Debbie Reynolds już jako młoda dziewczyna była wziętą aktorką. Jako 19-latka miała na swym koncie główną rolę żeńską w „Deszczowej piosence”, a ona sama była bliską przyjaciółką innej mega-gwiazdy Hollywoodu – Elizabeth Taylor. Czy jest to dobre towarzystwo do wychowywania dzieci? Cóż, o tym więcej mogłaby chyba powiedzieć jej córka, Carrie Fisher. Niestety nie wypowiadała się o swoich rodzicach zbyt przychylnie.

- Normalna rodzina jest zorganizowana tak by wychować dziecko. – Mówi Fisher.

W jej rodzinnym domu, to jednak rodzice stawiali siebie w centrum zainteresowania. Zwłaszcza matka. To powodowało konflikty.

Początkowo Carrie nie chciała mieć nic wspólnego z showbiznesem. Zdawała sobie sprawę z tego, jak zainteresowanie osobą szybko przemija, jakie to wszystko ulotne. Z drugiej strony, jej matka była praktycznie wszędzie. Młodą Carrie nawet w szkole nauczyciele nazywali Debbie. Ale ich rodzina nigdy nie miała się najlepiej. Ojciec Carrie – Eddie Fisher zostawił Debbie dla Elizabeth Taylor, co wywołało pewien skandal obyczajowy w tamtych czasach. Także dlatego, że to Eddie Fisher był drużba na ślubie Elizabeth Taylor i Mike’a Todda. A po jego śmierci zajął jego miejsce, w dosłownym tego słowa znaczeniu. Fisher wspomina, że zapytała kiedyś Elizabeth, czy kocha jej ojca. Ona powiedziała, że robi wszystko by zachować wspomnienia po Mike’u, a Eddie to jego najlepszy przyjaciel.

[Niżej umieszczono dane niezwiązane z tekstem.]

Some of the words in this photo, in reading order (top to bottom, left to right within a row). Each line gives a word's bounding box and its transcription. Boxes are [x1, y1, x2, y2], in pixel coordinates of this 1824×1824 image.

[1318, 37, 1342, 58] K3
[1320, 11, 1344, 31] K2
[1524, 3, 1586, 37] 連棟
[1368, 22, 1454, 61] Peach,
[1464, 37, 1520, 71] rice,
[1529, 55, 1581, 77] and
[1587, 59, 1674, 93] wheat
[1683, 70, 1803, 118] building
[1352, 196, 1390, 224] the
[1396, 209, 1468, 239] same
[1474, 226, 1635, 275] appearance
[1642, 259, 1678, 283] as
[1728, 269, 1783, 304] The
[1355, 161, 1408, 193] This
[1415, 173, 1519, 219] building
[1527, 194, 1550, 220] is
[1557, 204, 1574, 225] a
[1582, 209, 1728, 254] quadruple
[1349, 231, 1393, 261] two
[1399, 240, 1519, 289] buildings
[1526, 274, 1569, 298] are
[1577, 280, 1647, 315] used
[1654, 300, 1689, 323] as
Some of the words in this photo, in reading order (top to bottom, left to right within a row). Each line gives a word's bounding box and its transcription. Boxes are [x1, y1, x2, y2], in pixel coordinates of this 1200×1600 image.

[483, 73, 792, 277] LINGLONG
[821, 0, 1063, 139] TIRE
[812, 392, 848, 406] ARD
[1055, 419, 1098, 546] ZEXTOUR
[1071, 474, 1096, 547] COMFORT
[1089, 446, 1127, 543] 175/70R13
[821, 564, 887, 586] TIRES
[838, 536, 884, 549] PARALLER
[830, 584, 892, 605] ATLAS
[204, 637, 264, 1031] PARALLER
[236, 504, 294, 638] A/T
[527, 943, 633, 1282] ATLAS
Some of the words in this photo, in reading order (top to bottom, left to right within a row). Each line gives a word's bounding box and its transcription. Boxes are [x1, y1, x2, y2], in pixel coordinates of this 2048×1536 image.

Dziś Debbie mówi tylko, że już wybaczyła Elizabeth.

Carrie nie pamięta dziś tego incydentu zbyt dobrze. Była wówczas za młoda, ale wtedy rozpoczął się kolejny jej koszmar. Drugie małżeństwo jej matki, które trwało 13 lat. Zwłaszcza, że matka wciągała swoją córkę w różne konflikty ze swoim mężem. Nic dziwnego, że młoda aktorka czuła się zagubiona. Potrzebowała stanąć na własne nogi.

Młodziutka dziewczyna szybko poszła w ślady matki. Kilka filmów – „Szampon”, „Gwiezdne wojny” i „Blues Brothers” jednak na stałe zmieniły jej życie. Carrie wybiła się na samodzielność.

Ale pojawiły się też kolejne problemy. Co jeśli córka nagle staje się sławniejsza od sławnej matki? Co jeśli rozpoznawalna Debbie Reynolds nagle musi stać się tylko matką księżniczki Lei? Pojawia się gniew, zazdrość i kolejne pola konfliktów.

By jeszcze sprawę bardziej zaognić, Carrie wszędzie mówiła, że ma dość chorych stosunków ze swoją matką, że nie chce być córką Debbie Reynolds. To było bolesne dla podstarzałej i lekko zapomnianej gwiazdy.

Carrie także obwiniała swoją matkę o swoje problemy. Dziewczyna w wieku 13 lat zaczęła palić marihuanę, a w wieku 20 lat była już uzależniona od narkotyków. W wieku 28 lat, podczas kręcenia filmu Carrie zasłabła. Była szybko operowana. Debbie wspomina ten dzień mówiąc:

- Padało wtedy. A ja próbowałam dojechać do szpitala i bałam się, czy jak dojadę to moje dziecko będzie jeszcze żyło.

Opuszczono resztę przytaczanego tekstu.